### [EXERCISE]
Retype each entry below exactly. Do not carry any image over.

(EXERCISE INPUTS Opens)

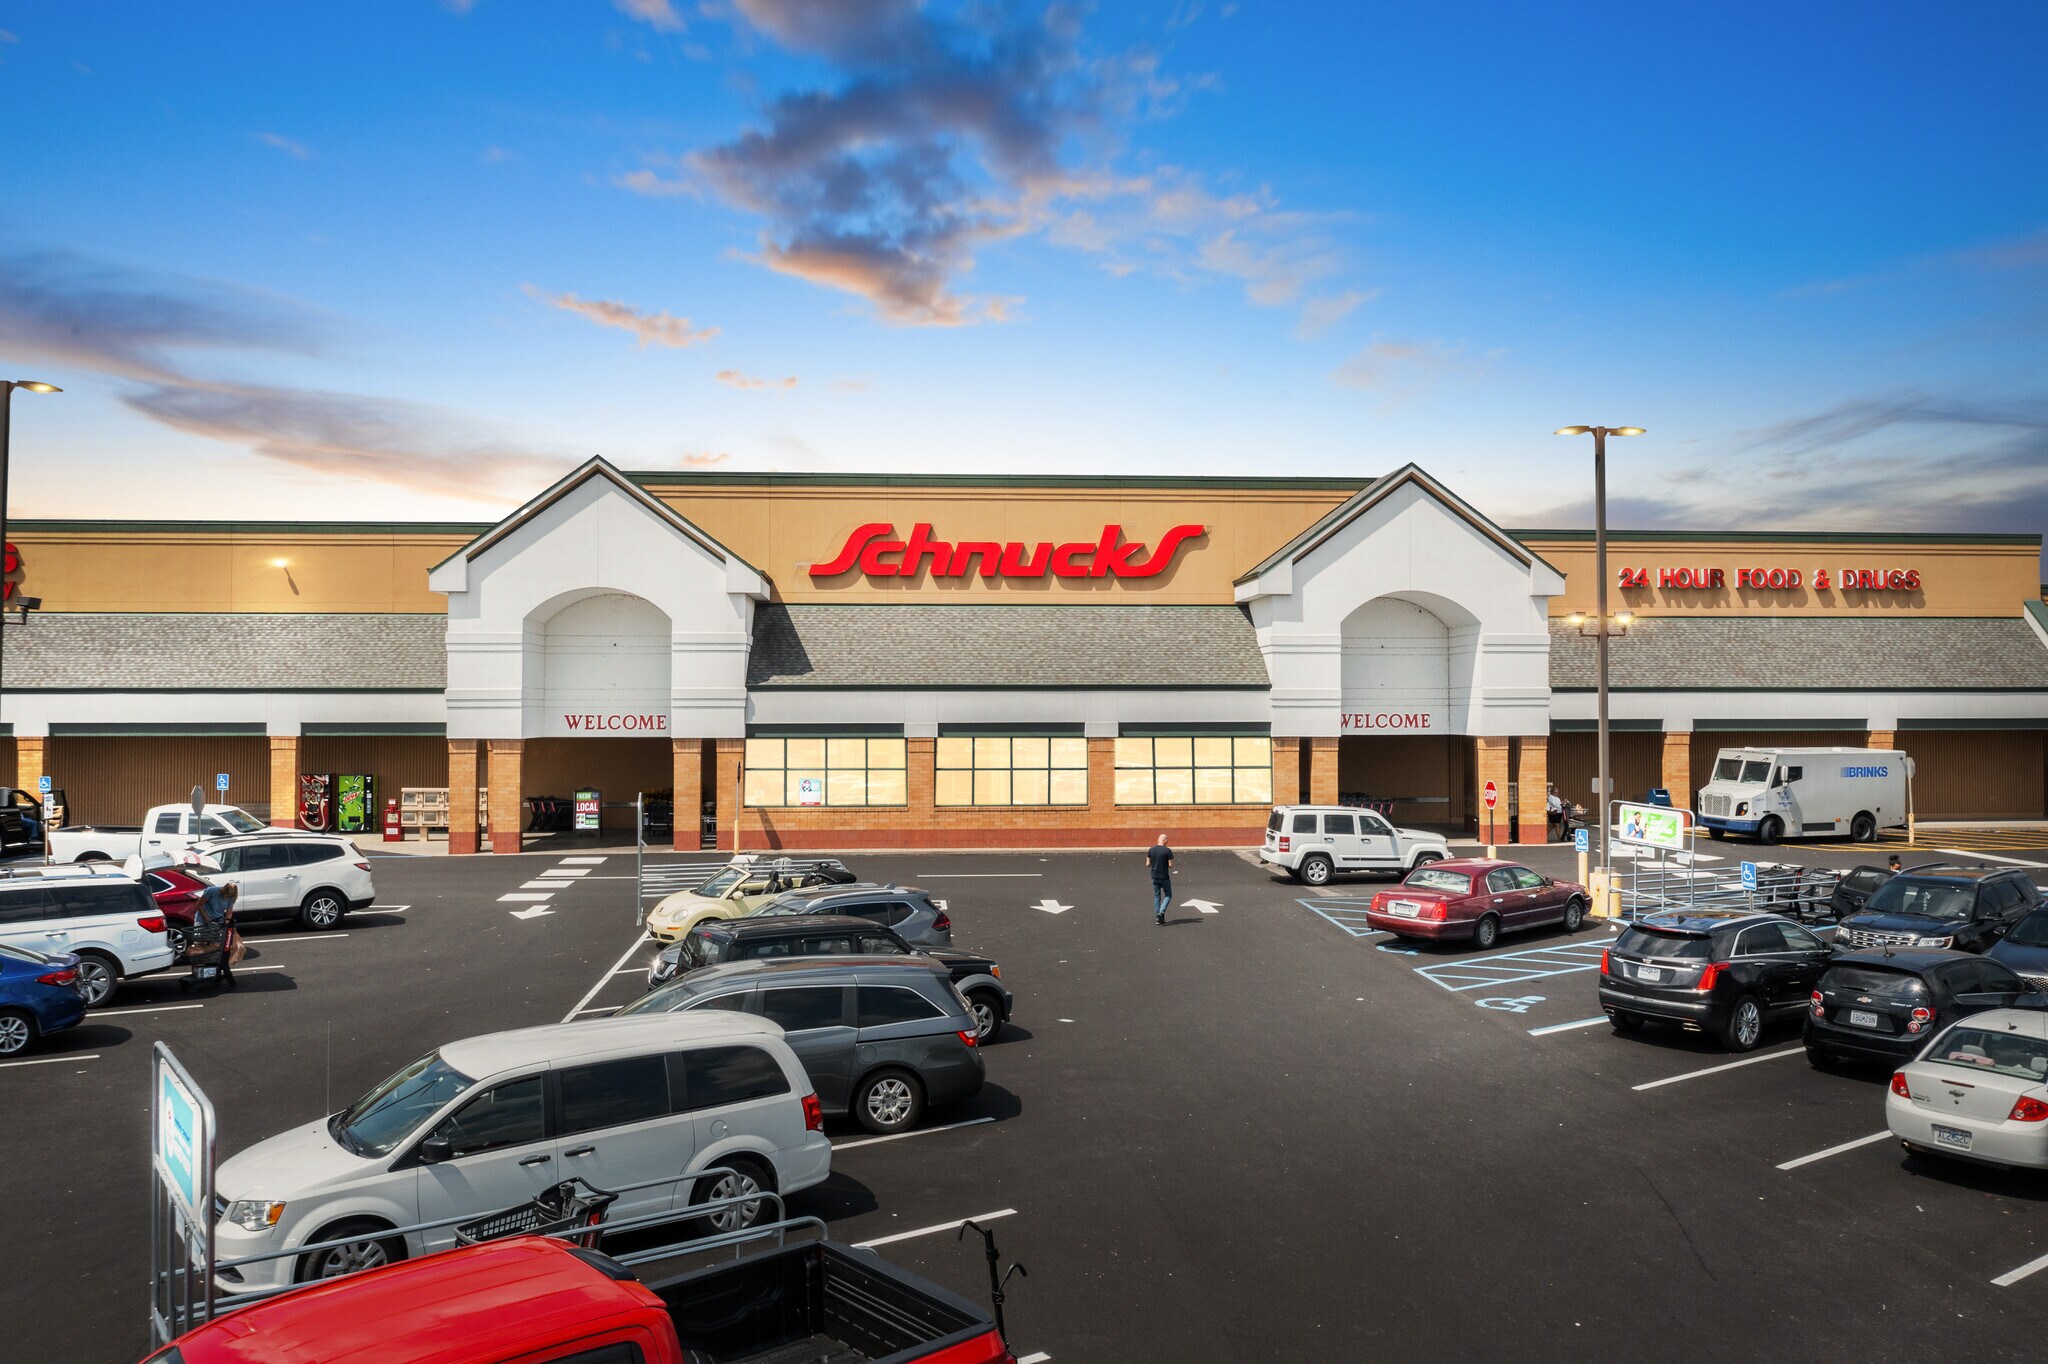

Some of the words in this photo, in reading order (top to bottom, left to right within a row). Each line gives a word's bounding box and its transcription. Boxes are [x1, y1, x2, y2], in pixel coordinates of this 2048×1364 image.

[808, 522, 1204, 577] Schnucks
[1618, 567, 1649, 588] 24
[1656, 567, 1725, 589] HOUR
[1734, 567, 1803, 590] FOOD
[1812, 569, 1831, 590] &
[1839, 568, 1921, 590] DRUGS
[564, 714, 667, 731] WELCOME
[1341, 713, 1431, 729] WELCOME
[1849, 766, 1888, 778] BRINKS
[1485, 788, 1496, 801] STOP
[576, 802, 599, 812] LOCAL

(EXERCISE INPUTS Closes)

### [RESULT FOR THIS EXERCISE]
Some of the words in this photo, in reading order (top to bottom, left to right within a row). Each line gives a word's bounding box and its transcription. Boxes are [x1, y1, x2, y2], in pixel coordinates of this 2048×1364 image.

[808, 522, 1204, 577] Schnucks
[1618, 567, 1649, 588] 24
[1656, 567, 1725, 589] HOUR
[1734, 567, 1803, 590] FOOD
[1812, 569, 1831, 590] &
[1839, 568, 1921, 590] DRUGS
[564, 714, 667, 731] WELCOME
[1341, 713, 1431, 729] WELCOME
[1849, 766, 1888, 778] BRINKS
[1485, 788, 1496, 801] STOP
[576, 802, 599, 812] LOCAL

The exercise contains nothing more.